WORK INSTRUCTIONS: Before you reproduce the entries that follow, strip out any image they contain and keep the rest exact.
[[ DATASET ENTRIES, beginning ]]
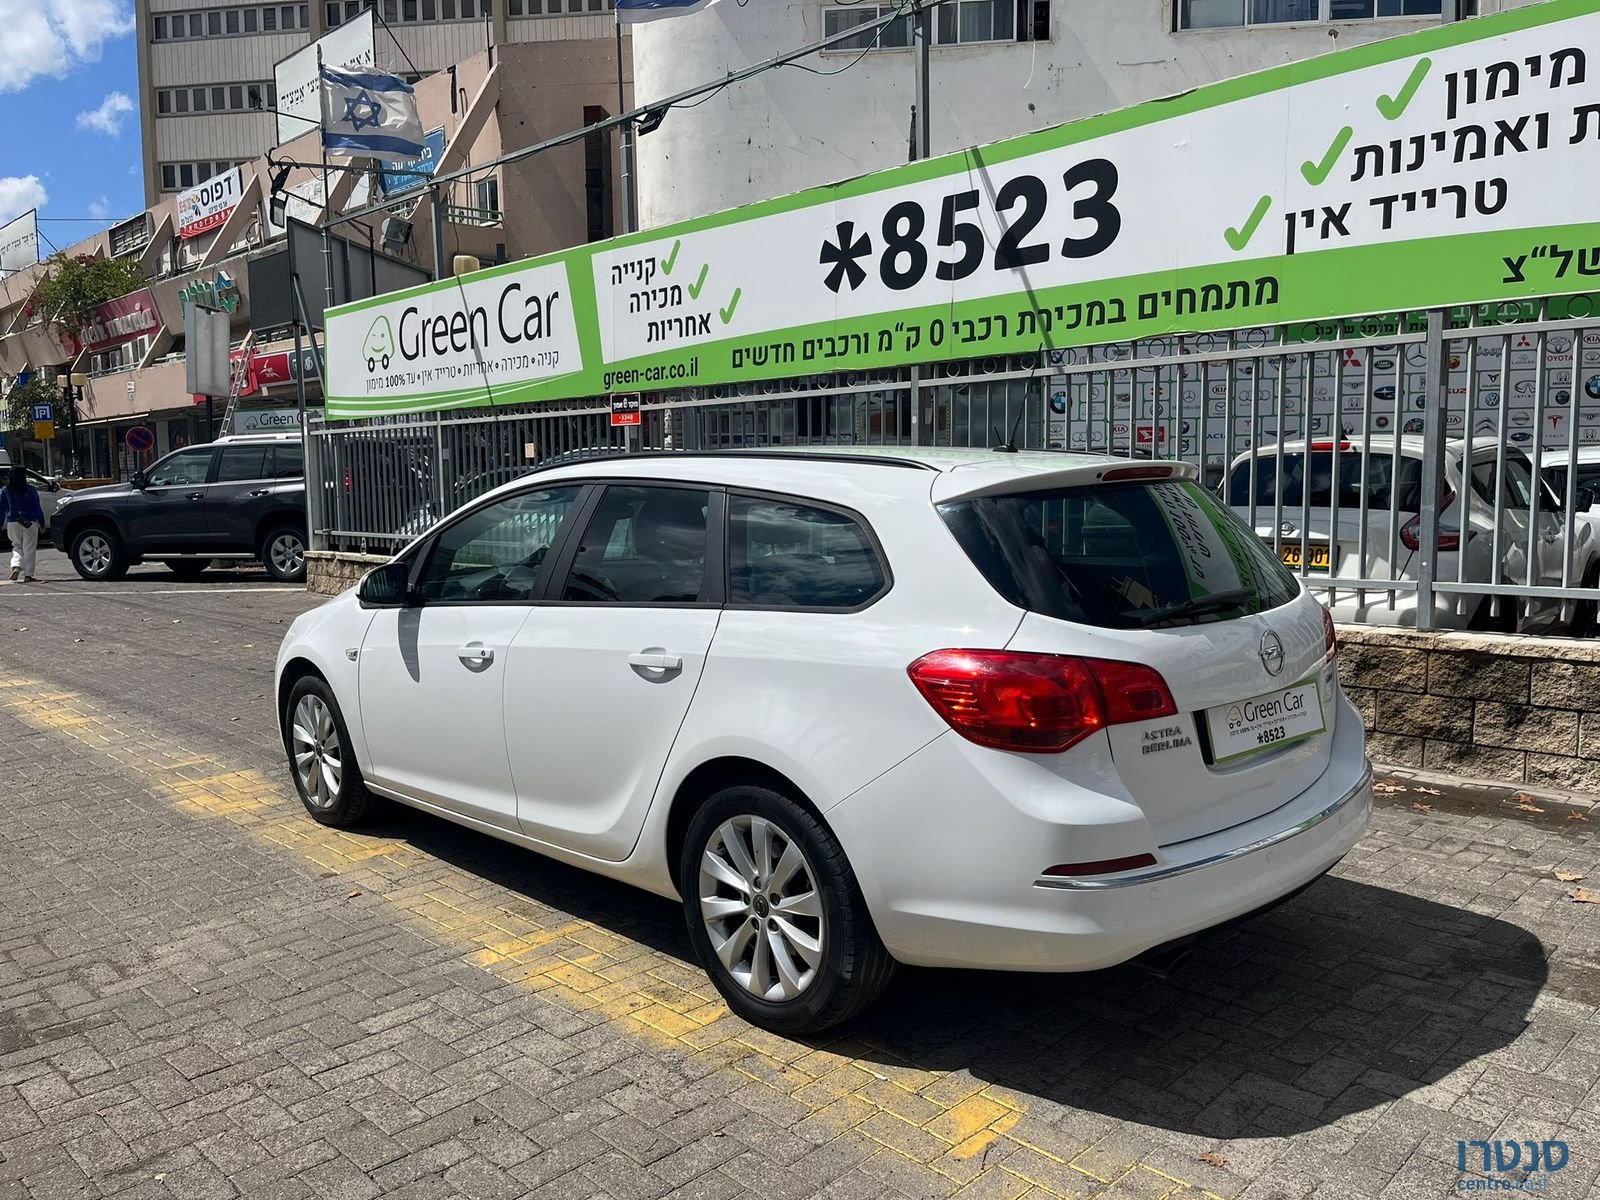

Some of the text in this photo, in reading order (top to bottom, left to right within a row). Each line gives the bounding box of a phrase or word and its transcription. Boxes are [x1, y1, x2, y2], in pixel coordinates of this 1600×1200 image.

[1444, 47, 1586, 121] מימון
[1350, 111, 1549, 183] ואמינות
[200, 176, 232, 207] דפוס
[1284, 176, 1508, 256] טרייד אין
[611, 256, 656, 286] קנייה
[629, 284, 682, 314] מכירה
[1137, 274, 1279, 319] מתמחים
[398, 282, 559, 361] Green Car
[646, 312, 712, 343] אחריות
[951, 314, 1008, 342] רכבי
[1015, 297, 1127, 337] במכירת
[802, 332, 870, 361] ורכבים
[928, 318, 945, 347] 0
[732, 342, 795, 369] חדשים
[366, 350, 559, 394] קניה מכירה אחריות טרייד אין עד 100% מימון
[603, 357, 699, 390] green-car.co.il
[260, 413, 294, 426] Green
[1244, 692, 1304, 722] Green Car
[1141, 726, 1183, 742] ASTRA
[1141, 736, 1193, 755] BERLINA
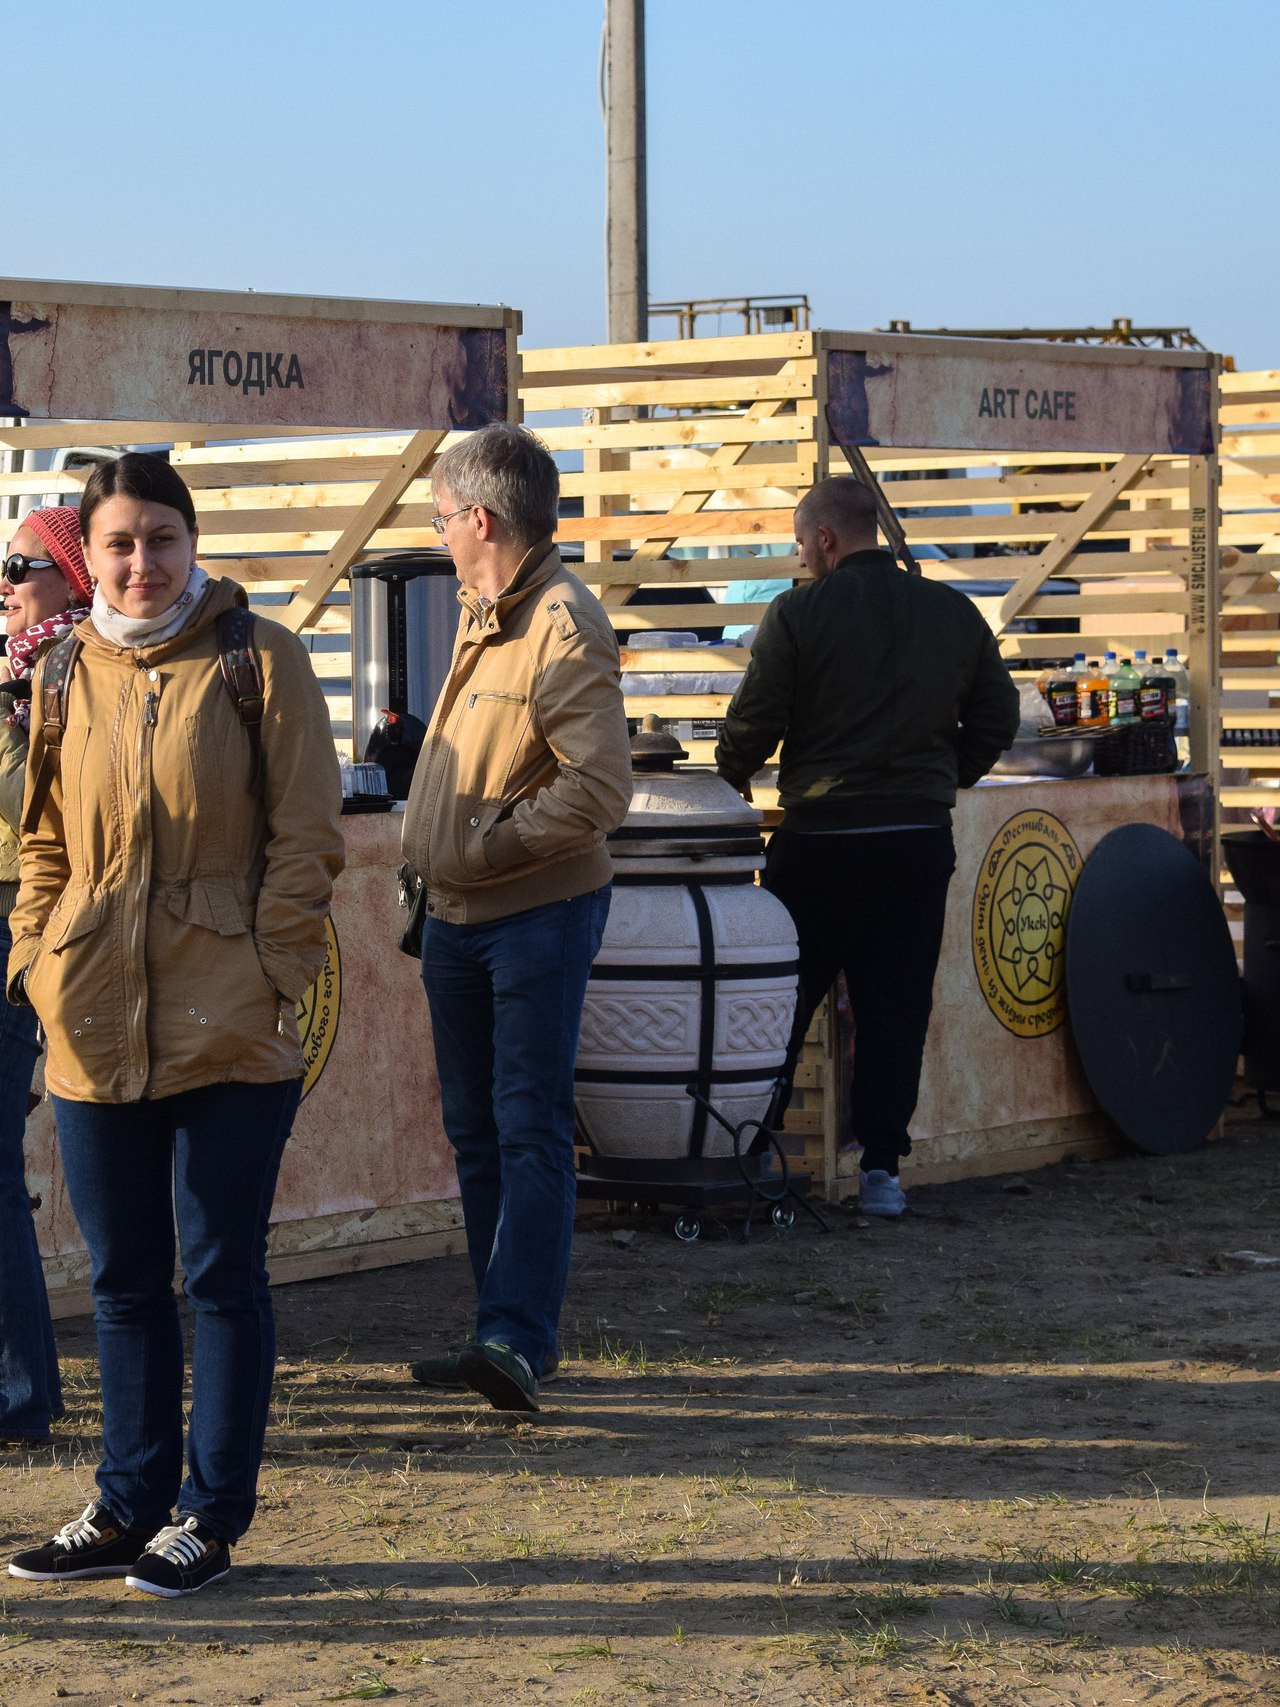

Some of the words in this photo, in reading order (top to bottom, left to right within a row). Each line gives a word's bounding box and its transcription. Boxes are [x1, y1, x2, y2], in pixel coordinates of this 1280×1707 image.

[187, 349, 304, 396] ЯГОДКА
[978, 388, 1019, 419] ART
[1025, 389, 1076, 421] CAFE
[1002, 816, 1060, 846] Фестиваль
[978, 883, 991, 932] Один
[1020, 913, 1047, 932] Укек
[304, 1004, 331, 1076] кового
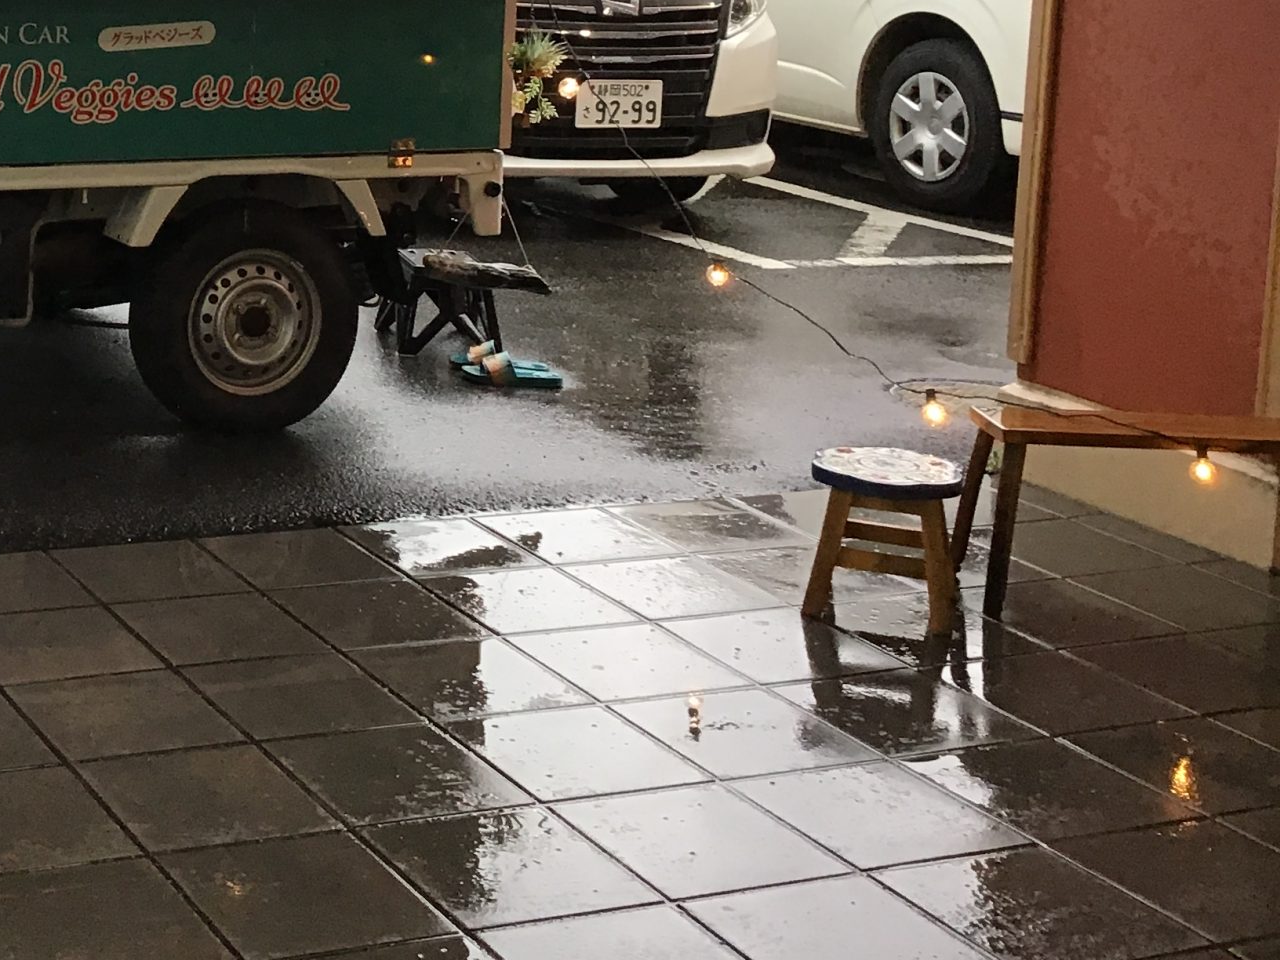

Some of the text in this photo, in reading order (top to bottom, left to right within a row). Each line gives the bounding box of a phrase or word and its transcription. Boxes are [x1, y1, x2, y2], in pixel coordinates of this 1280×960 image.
[[ DATASET ENTRIES, end ]]
ANSWER BOX:
Some of the text in this photo, in reading order (top to bottom, left to right within a row). Each line gives the bounding box of a phrase or word and its transcription. Boxes are [x1, y1, x2, y2], in pixel coordinates of this 1600×1200 image.

[1444, 47, 1586, 121] מימון
[1350, 111, 1549, 183] ואמינות
[200, 176, 232, 207] דפוס
[1284, 176, 1508, 256] טרייד אין
[611, 256, 656, 286] קנייה
[629, 284, 682, 314] מכירה
[1137, 274, 1279, 319] מתמחים
[398, 282, 559, 361] Green Car
[646, 312, 712, 343] אחריות
[951, 314, 1008, 342] רכבי
[1015, 297, 1127, 337] במכירת
[802, 332, 870, 361] ורכבים
[928, 318, 945, 347] 0
[732, 342, 795, 369] חדשים
[366, 350, 559, 394] קניה מכירה אחריות טרייד אין עד 100% מימון
[603, 357, 699, 390] green-car.co.il
[260, 413, 294, 426] Green
[1244, 692, 1304, 722] Green Car
[1141, 726, 1183, 742] ASTRA
[1141, 736, 1193, 755] BERLINA

Some of the words in this photo, in reading order (top to bottom, left to right within a row). Each line gives a word's bounding box and its transcription. Boxes are [x1, y1, x2, y2], in pixel coordinates of this 1280×1707 image.

[187, 349, 304, 396] ЯГОДКА
[978, 388, 1019, 419] ART
[1025, 389, 1076, 421] CAFE
[1002, 816, 1060, 846] Фестиваль
[978, 883, 991, 932] Один
[1020, 913, 1047, 932] Укек
[304, 1004, 331, 1076] кового

Some of the text in this photo, in reading order (top to bottom, left to right within a row). Each line gives the bounding box of a phrase or word and its transcription. Boxes are [x1, y1, x2, y2], in pixel coordinates of this 1280×960 image.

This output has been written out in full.